In [11], DAT detectors were theoretically depicted. The evaluation was conducted with a proof of concept where the rules of a DAT detector prototype were adjusted solely based on experts knowledge, achieving moderate performance rates. Therefore, the main goals and contributions of this paper are:

1.
To deeply evaluate DAT detectors for the specific case of covert timing channels. To this end, a testbed for generating and testing covert channels has been created. The evaluation has been conducted by implementing eight of the most popular covert timing techniques proposed in the literature.
2.
To establish a methodology for tuning DAT detector parameters and rules based on Decision Trees learners.
3.
To generalize a set of constituent rules for DAT detectors in the scope of covert timing channels, thus enabling the incorporation of DAT detectors in future IDS.

2 Related Work

Already in the ’70s, covert timing channels were identified by the USA Air Force experts as a potential problem of secure communications even in end-to-end encryption scenarios [16]. Actually, devised without paying a special attention to security concerns, TCP/IP protocols entail many possibilities to conceal covert information. As a consequence, a considerable number of covert channel techniques have been presented in the related literature since then.

In the ’90s, J.C. Wray noticed that the partition between storage and timing channels was not always appropriate, since there are covert channels that share properties of both types [25]. An example of half-timing half-storage channel is given in [8], where a little delay is introduced in the packet delivery to make the lowest bit of TCP timestamps—usually seemingly random—to coincide with the covert bit to send. In this case, information is hidden in a TCP field, but the method invariably affects time properties in the communication. Note that, in this case, even if it is not possible for a warden to decode the message without checking packet fields, the detection by only analyzing packet inter-arrival times (henceforth iats) is theoretically possible. Another hybrid technique was proposed by W. Mazurczyk and K. Szczypiorski, who developed a method that inserts covert data in the payloads of VoIP packets that were intentionally delayed and normally dropped [15]. In [9], C.G. Girling tested a covert timing channel assuming that a sender could address a number of hosts in a network, and a wiretapper in the middle would interpret destination addresses as codifications (e.g., 16 addresses can conceal 4 bits of information).

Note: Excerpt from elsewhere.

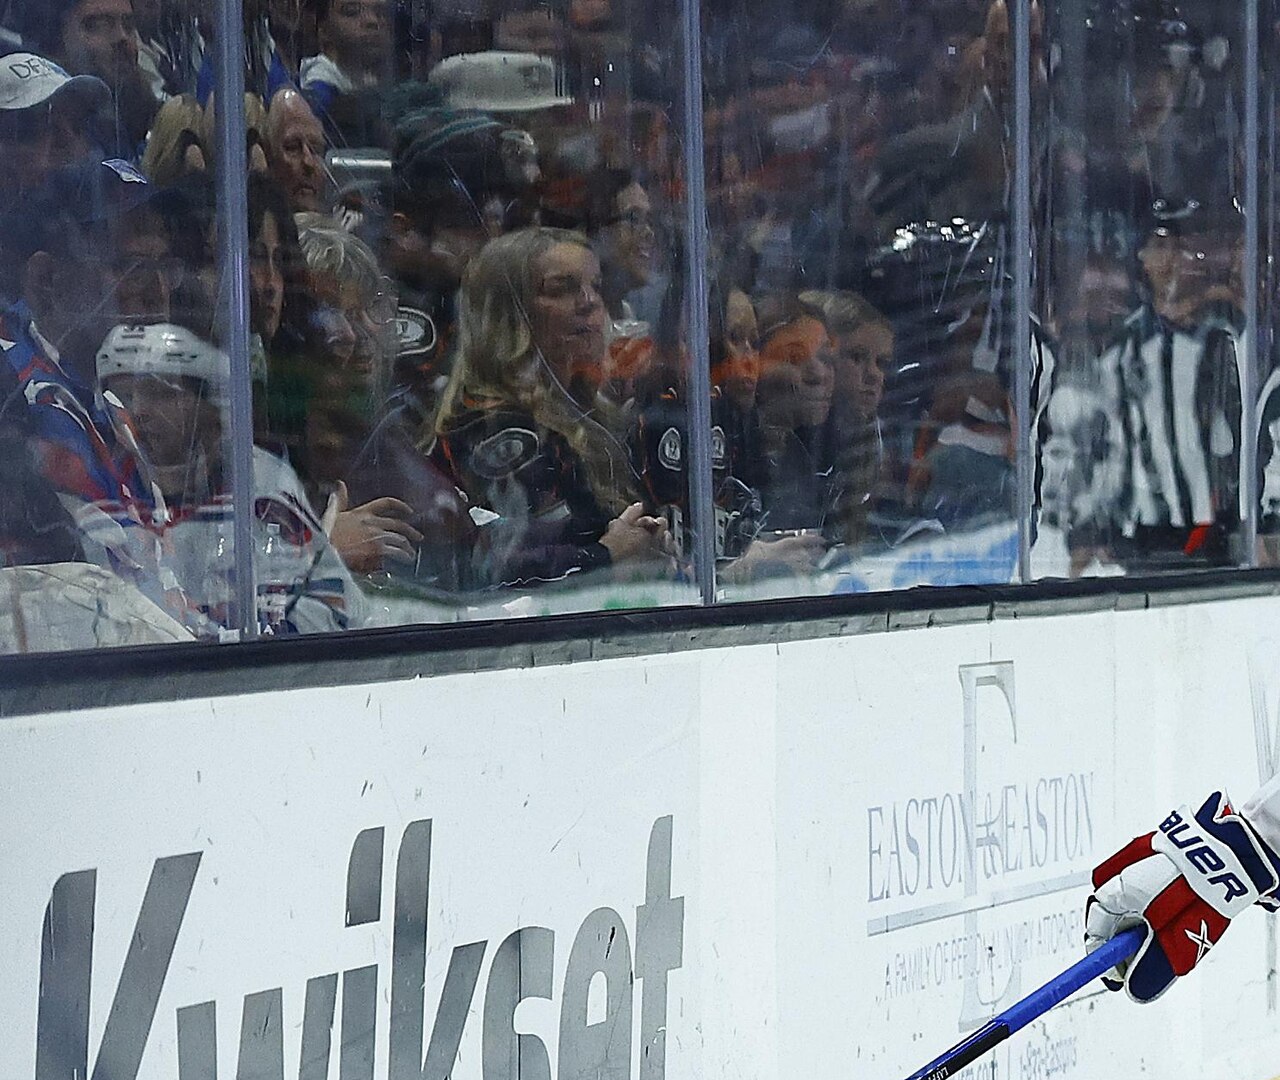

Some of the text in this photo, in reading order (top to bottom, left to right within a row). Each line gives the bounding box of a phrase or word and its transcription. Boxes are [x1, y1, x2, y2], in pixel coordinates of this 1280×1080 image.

[867, 790, 976, 903] EASTON
[1002, 771, 1094, 874] EASTON
[1158, 810, 1249, 903] AUER

Nevertheless, covert timing channels do not usually involve using information of packet fields. The attention is normally focused on iats. For example, in [3] the sender and receiver of the covert communication are synchronized and agree on a fixed sampling time interval. The existence or absence of a packet in the interval transports the covert information. V. Berk, A. Giani and G. Cybenko show a timing channel technique where covert 1s and 0s are deduced from two different packet delays [2]. Authors also discuss the bandwidth commitment in the design and implementation of covert timing channels, i.e., a low bandwidth is undesired for transmitting information but makes the covert channel stealthier.

Packet delays are also manipulated in [18], where a Jitterbug slightly modifies the time behaviour (in a millisecond scale) of hacked input devices, such as a keyboard, in order to allow an eavesdropper to guess the introduced data by observing the generated time sequence. This is a good example of how different malware can exploit covert channels. Video stream data is proposed as a carrier for sending binary covert information in [5], and a threshold for packet-iats is used to differentiate between 0s and 1s at the destination. Video on Demand services are used in [31] to transport covert information also by carefully manipulating iat values. In [26] message redundancy is exploited by applying Huffman coding to transform covert symbols into packet delays.

Given that detection methods are often based on statistics and distributions of the network usage, in [7] covert timing channels are created by matching time-distributions generated by legitimate services. In [13], Kiyavash and Coleman study a method for interactive traffic that relies on encoding mechanisms, statistical structures of network queues and packet iat for sending covert information. A different time-based approach is proposed in [14]. Here, bursts of packets transport the covert information, and the total number of packets in the burst represents the covert symbol. Additional timing-based convert channel techniques can be consulted, for example, in [10], [23] or [1].

The detection of covert timing channels has been classically faced from the perspective of the analysis of statistical properties. For instance, in [3], in addition to present some covert timing techniques, the detection of the proposed channels is conducted by means of calculations on variance patterns and measuring similarity between adjacent iats. Entropy calculations are also used for such purpose, for example, Gianvecchio and Wang test entropy-based detection on three different techniques in [6]. More recently, in [4], time-deterministic replay has been introduced as a technique that can reproduce the precise timing of applications and, therefore, be used for disclosing covert timing channels. As for machine learning approaches, Support Vector Machines has been proposed for covert channel detection several times, e.g., in [21], and specifically for timing channels in [20], achieving good results against four popular timing techniques. Decision tree learners also obtain successful detection rates when tested with basic timing techniques in [29].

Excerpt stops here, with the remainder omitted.